**WHAT YOU HAVE TO DO:**
Please restate all of the records word for word, setting the pictures aside.

**EXERCISE DATA:**
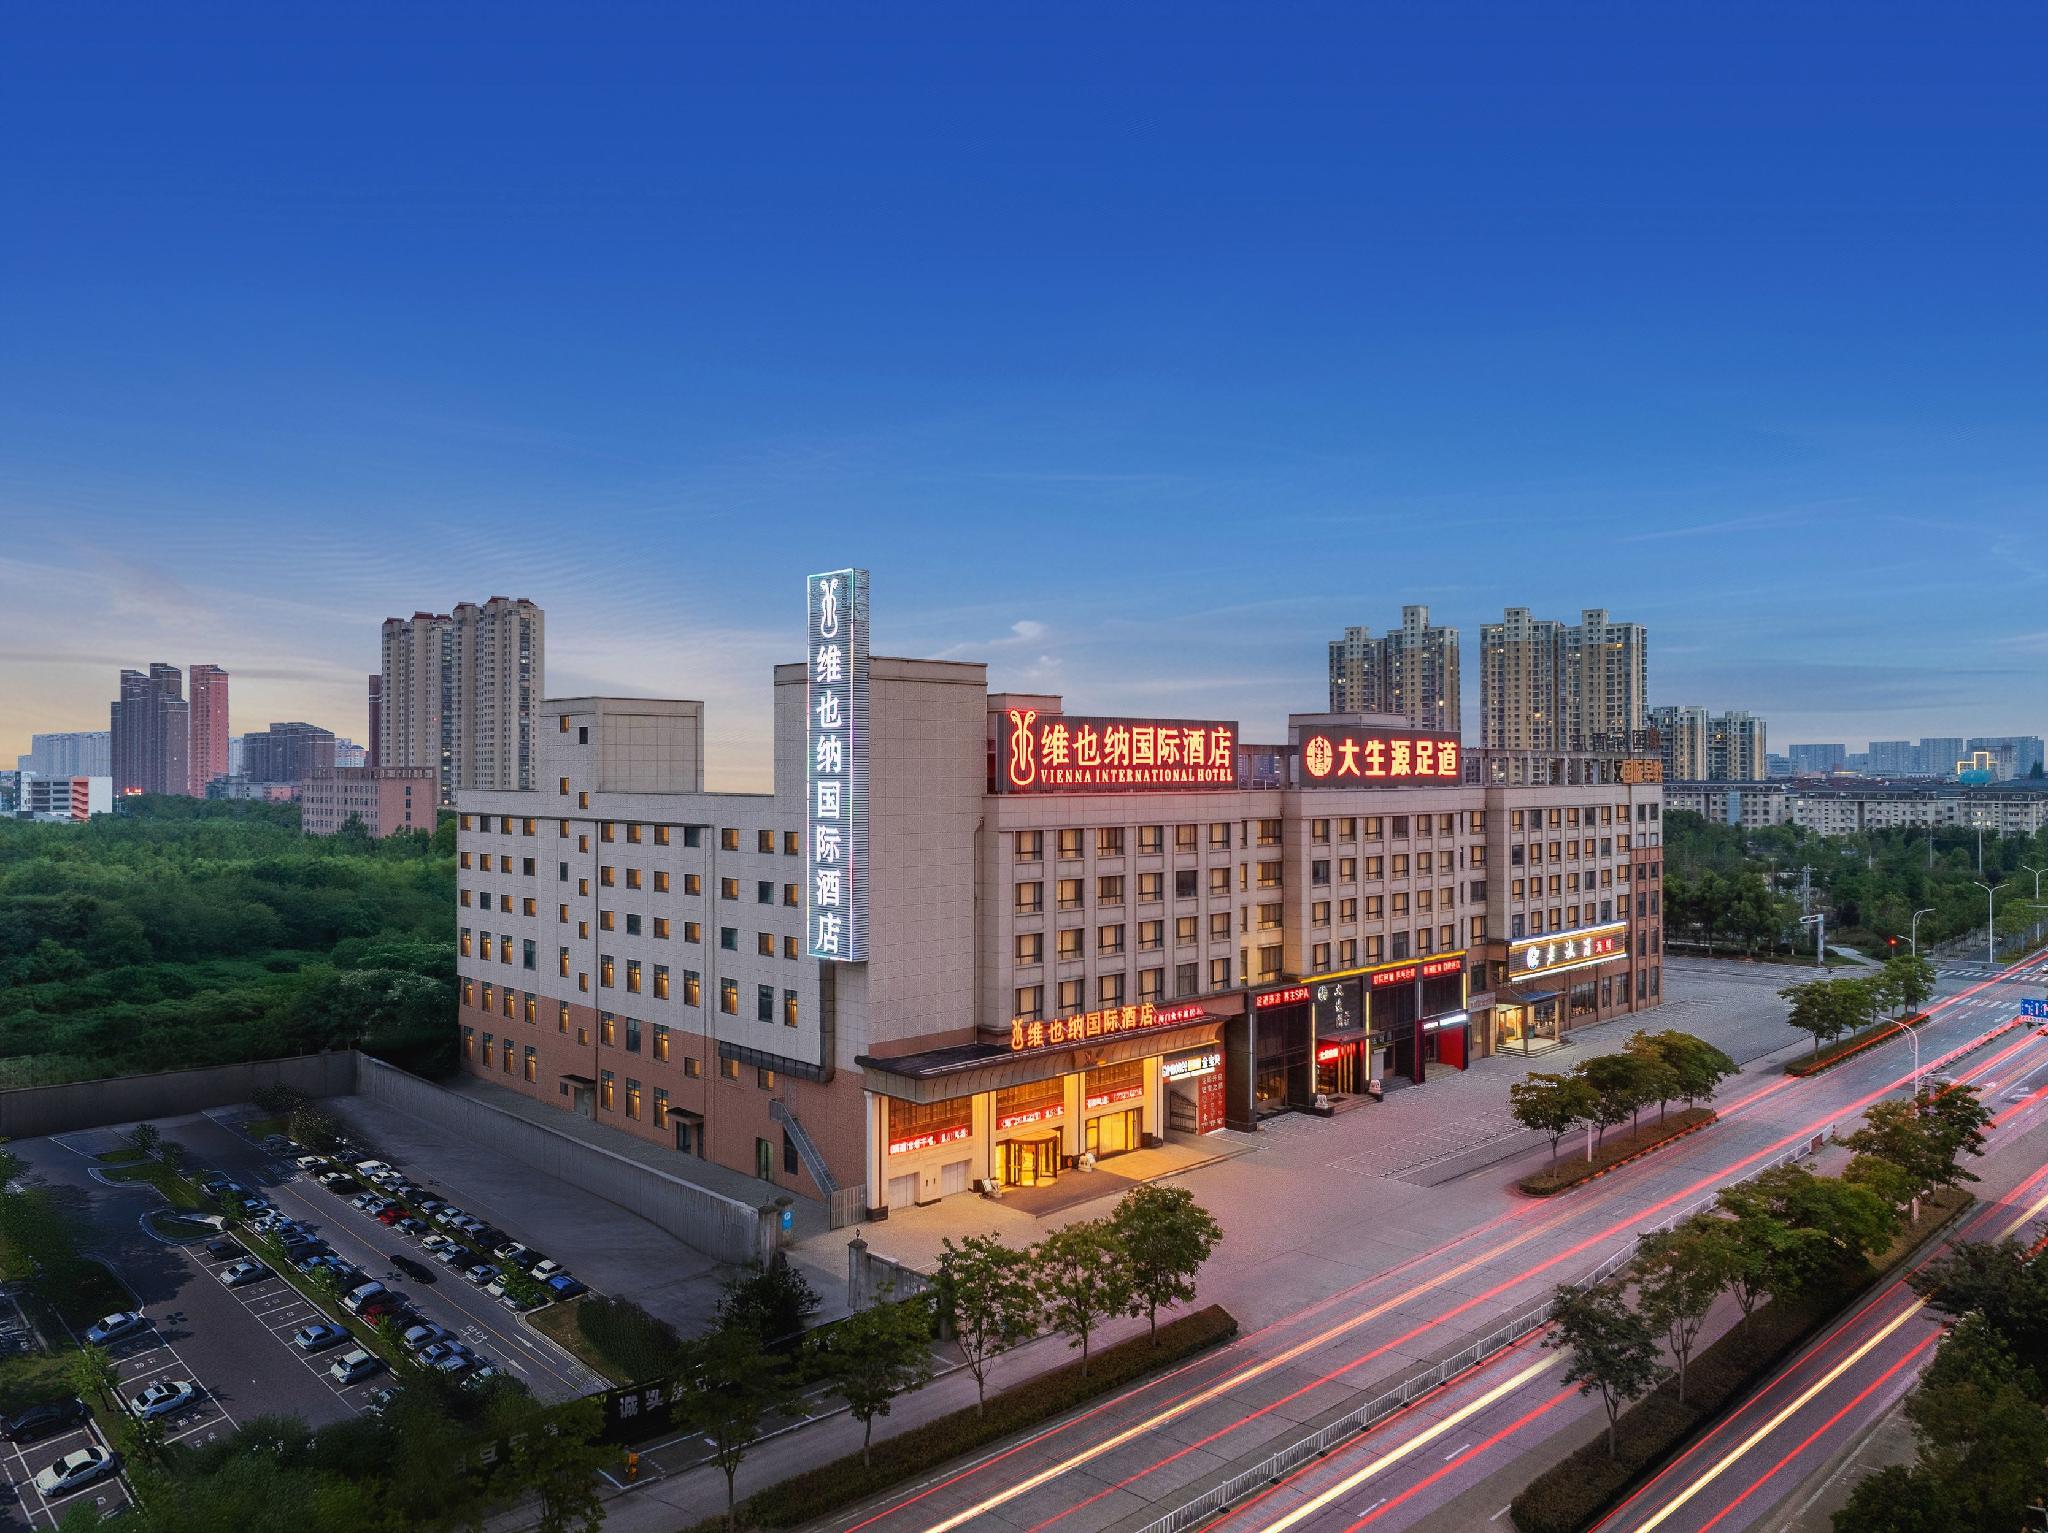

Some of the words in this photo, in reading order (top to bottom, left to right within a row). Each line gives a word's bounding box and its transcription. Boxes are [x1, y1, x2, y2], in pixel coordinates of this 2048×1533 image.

[1040, 725, 1232, 767] 维也纳国际酒店
[1337, 738, 1458, 777] 大生源足道
[1041, 769, 1092, 783] VIENNA
[1095, 769, 1196, 783] INTERNATIONAL
[1197, 769, 1233, 783] HOTEL
[815, 644, 843, 953] 维也纳国际酒店
[1027, 1003, 1155, 1048] 维也纳国际酒店
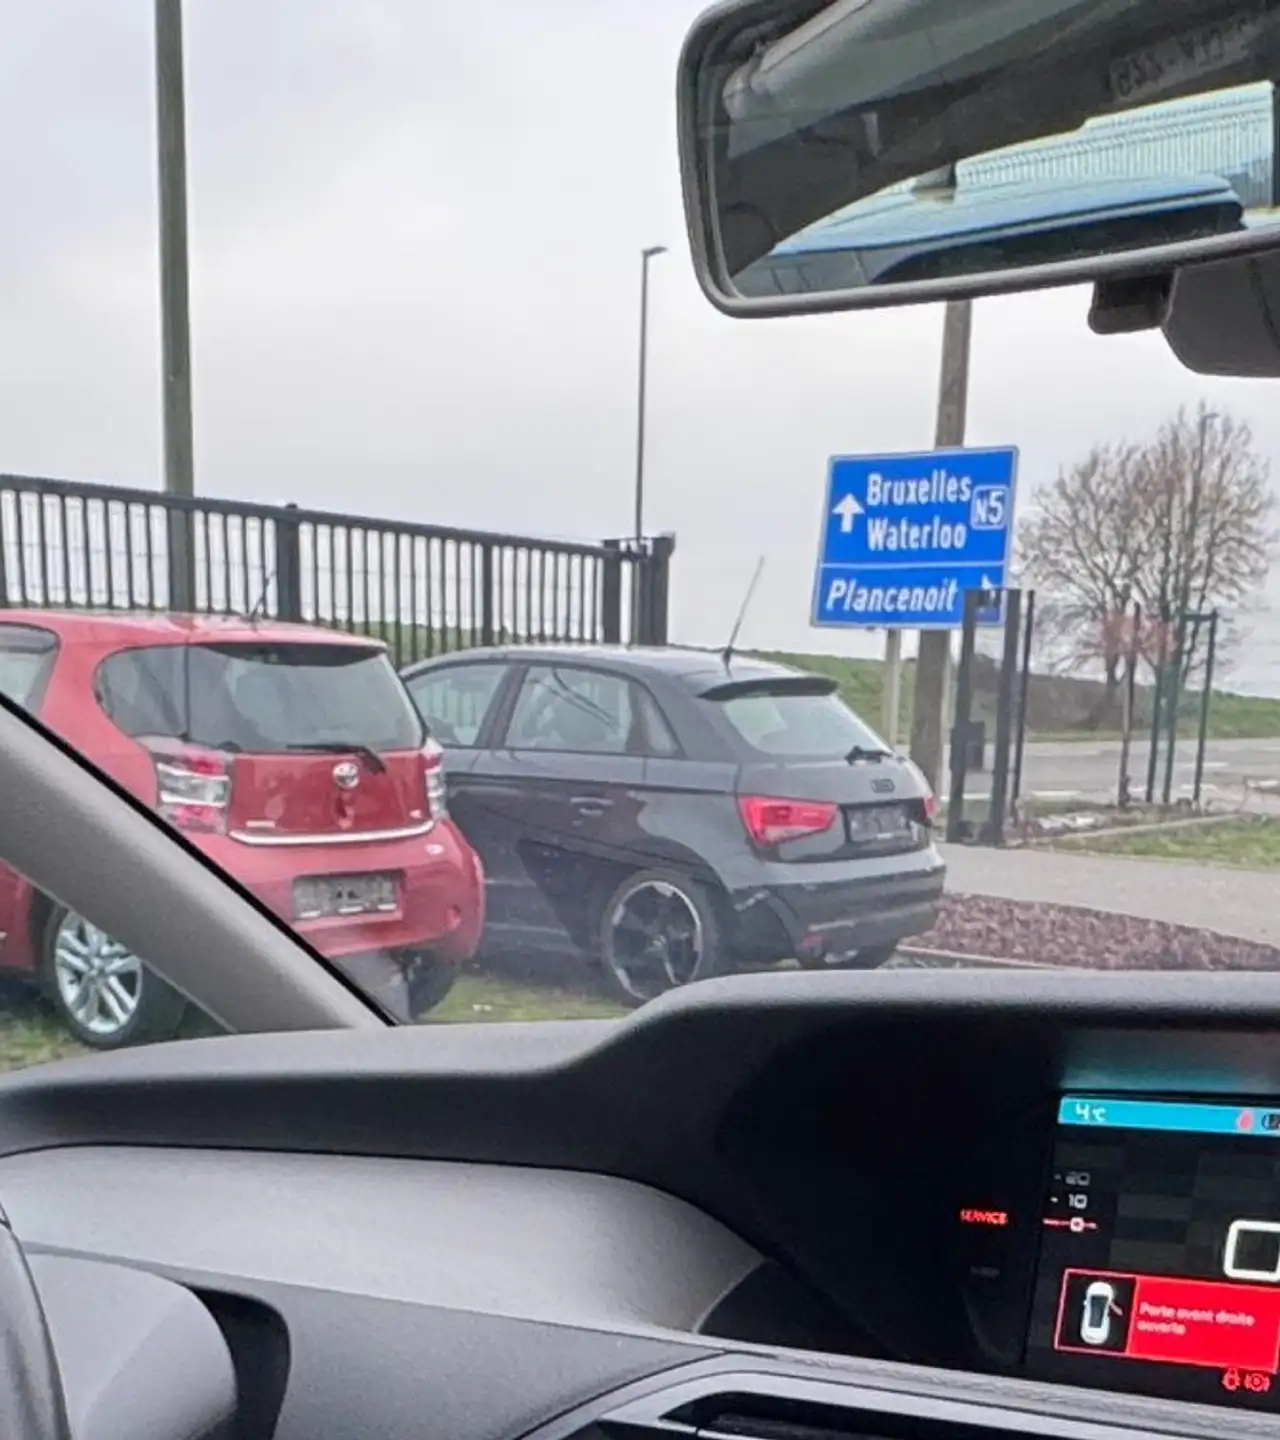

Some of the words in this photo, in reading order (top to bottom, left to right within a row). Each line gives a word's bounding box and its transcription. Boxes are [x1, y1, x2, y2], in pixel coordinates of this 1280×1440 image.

[867, 469, 972, 506] Bruxelles
[976, 491, 1005, 524] N5
[867, 516, 967, 551] Waterloo
[826, 577, 959, 612] Plancenoit
[1139, 1301, 1176, 1319] Porte
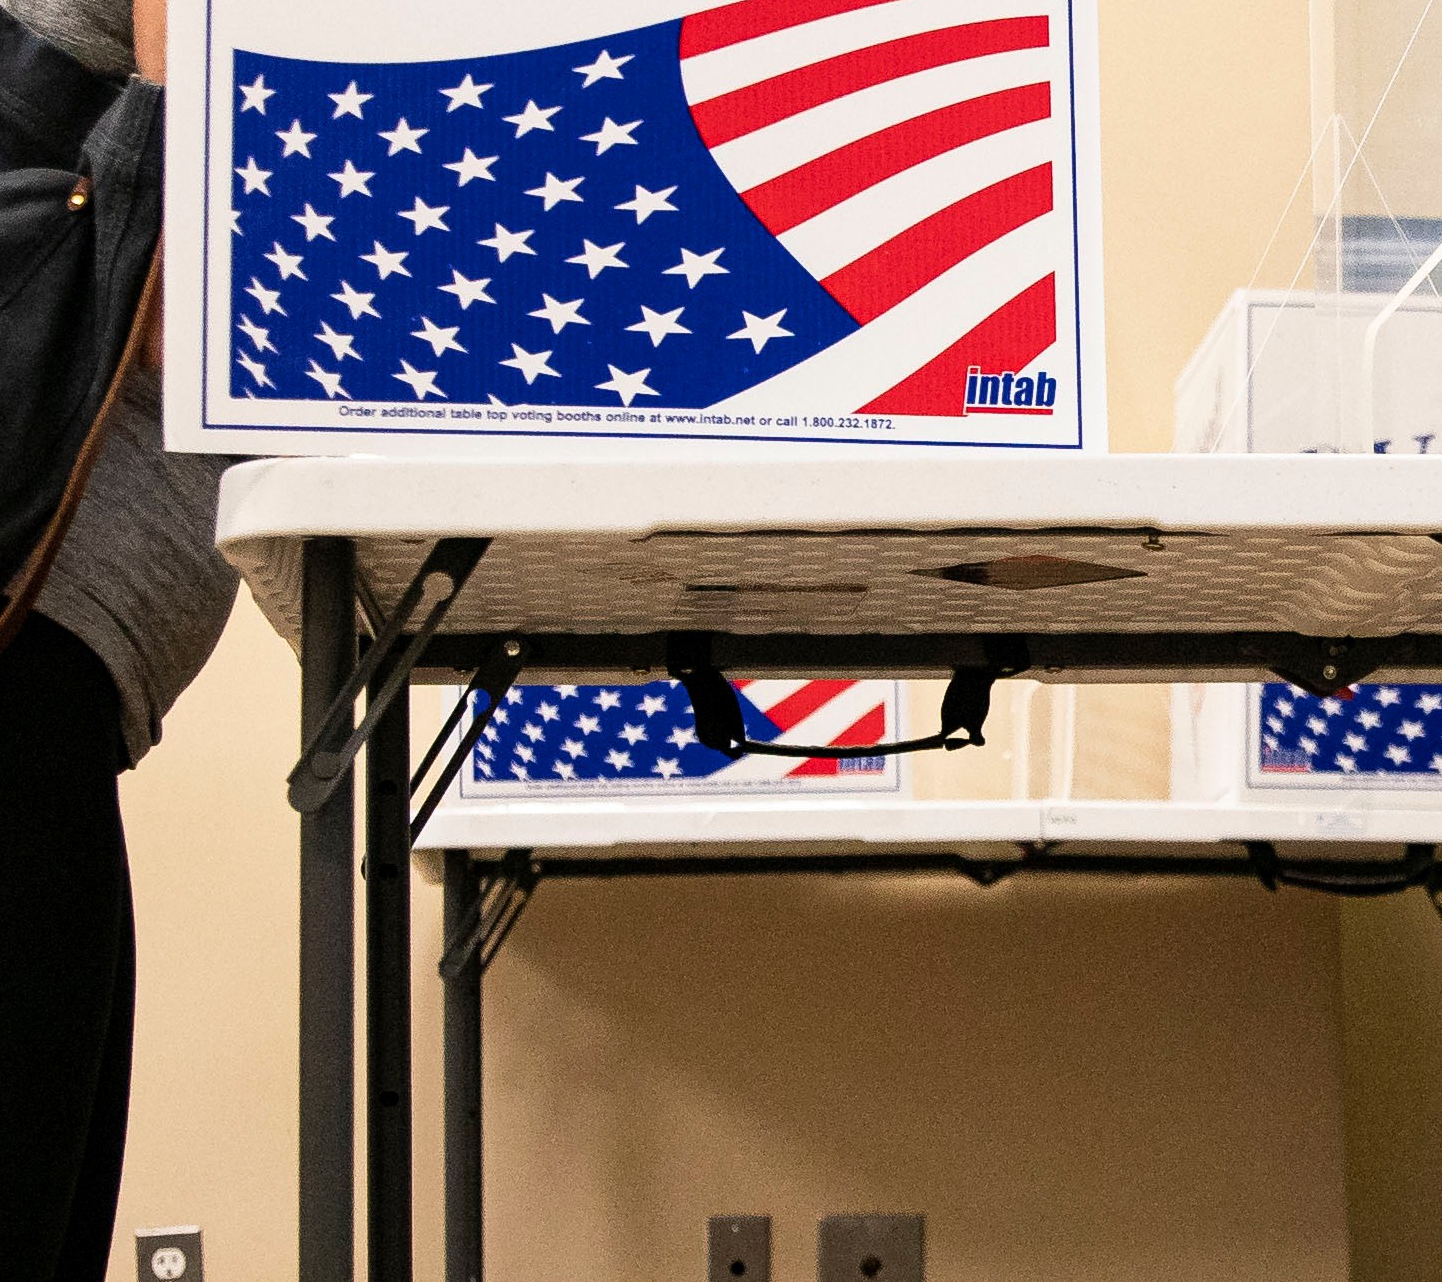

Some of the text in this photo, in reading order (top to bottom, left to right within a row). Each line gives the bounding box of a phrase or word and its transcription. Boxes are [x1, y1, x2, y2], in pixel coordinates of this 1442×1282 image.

[965, 366, 1058, 408] intab
[339, 405, 377, 417] Order
[381, 407, 446, 418] additional
[450, 409, 482, 420] table
[486, 410, 508, 422] top
[512, 411, 553, 423] voting
[557, 411, 602, 422] booths
[605, 413, 645, 423] online
[649, 414, 662, 423] at
[665, 415, 755, 426] www.intab.net
[759, 417, 773, 426] or
[776, 417, 798, 427] call
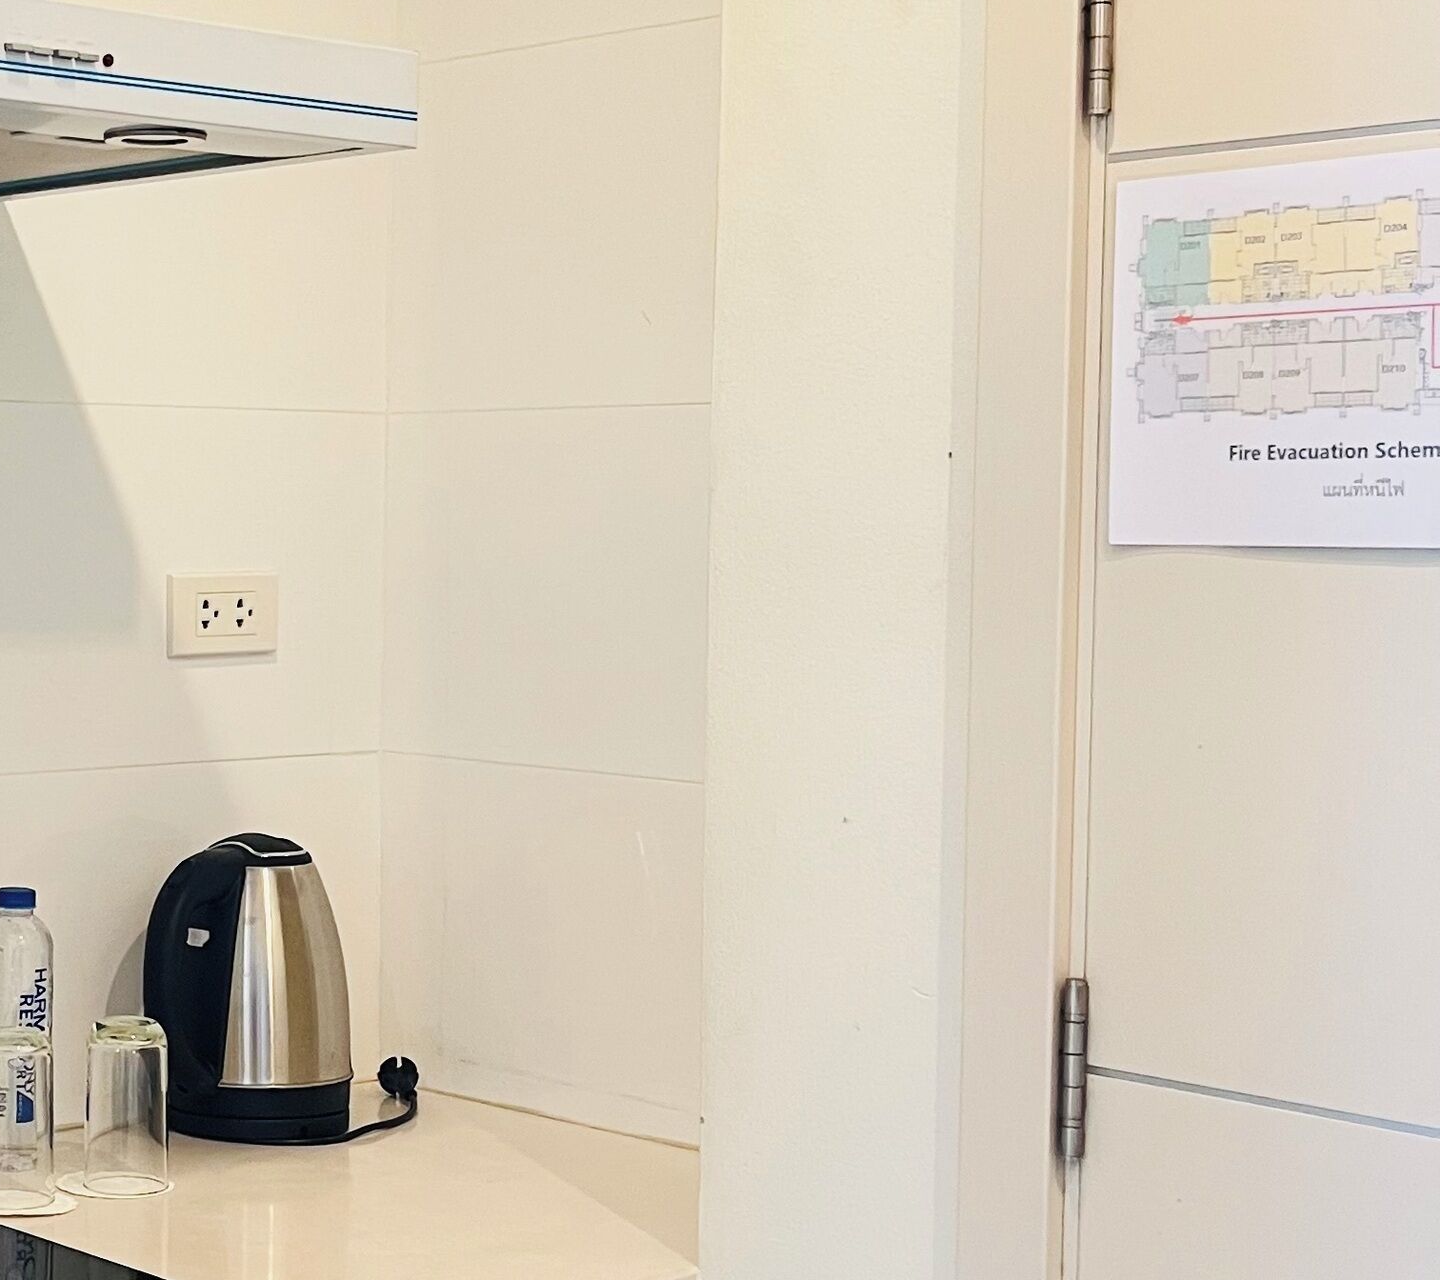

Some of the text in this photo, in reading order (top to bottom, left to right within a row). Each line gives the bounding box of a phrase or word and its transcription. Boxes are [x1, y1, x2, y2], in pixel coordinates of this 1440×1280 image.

**RESPONSE BOX:**
Some of the words in this photo, in reading order (top to bottom, left to right within a row). Each line gives a word's bounding box and its transcription. Boxes are [x1, y1, x2, y2], in pixel coordinates of this 2048×1533 image.

[1040, 725, 1232, 767] 维也纳国际酒店
[1337, 738, 1458, 777] 大生源足道
[1041, 769, 1092, 783] VIENNA
[1095, 769, 1196, 783] INTERNATIONAL
[1197, 769, 1233, 783] HOTEL
[815, 644, 843, 953] 维也纳国际酒店
[1027, 1003, 1155, 1048] 维也纳国际酒店

Some of the words in this photo, in reading order (top to bottom, left to right within a row). Each line gives a word's bounding box and its transcription. Boxes are [x1, y1, x2, y2], in pixel coordinates of this 1280×1440 image.

[867, 469, 972, 506] Bruxelles
[976, 491, 1005, 524] N5
[867, 516, 967, 551] Waterloo
[826, 577, 959, 612] Plancenoit
[1139, 1301, 1176, 1319] Porte

Some of the text in this photo, in reading order (top to bottom, left to right within a row). Each line gives the bounding box of a phrase or word and its transcription. Boxes are [x1, y1, x2, y2], in pixel coordinates of this 1442×1282 image.

[965, 366, 1058, 408] intab
[339, 405, 377, 417] Order
[381, 407, 446, 418] additional
[450, 409, 482, 420] table
[486, 410, 508, 422] top
[512, 411, 553, 423] voting
[557, 411, 602, 422] booths
[605, 413, 645, 423] online
[649, 414, 662, 423] at
[665, 415, 755, 426] www.intab.net
[759, 417, 773, 426] or
[776, 417, 798, 427] call

Some of the text in this photo, in reading order (top to bottom, left to right within a row). Each line gives the bounding box of a phrase or word and its transcription. Boxes are [x1, y1, x2, y2], in pixel coordinates of this 1440×1280 image.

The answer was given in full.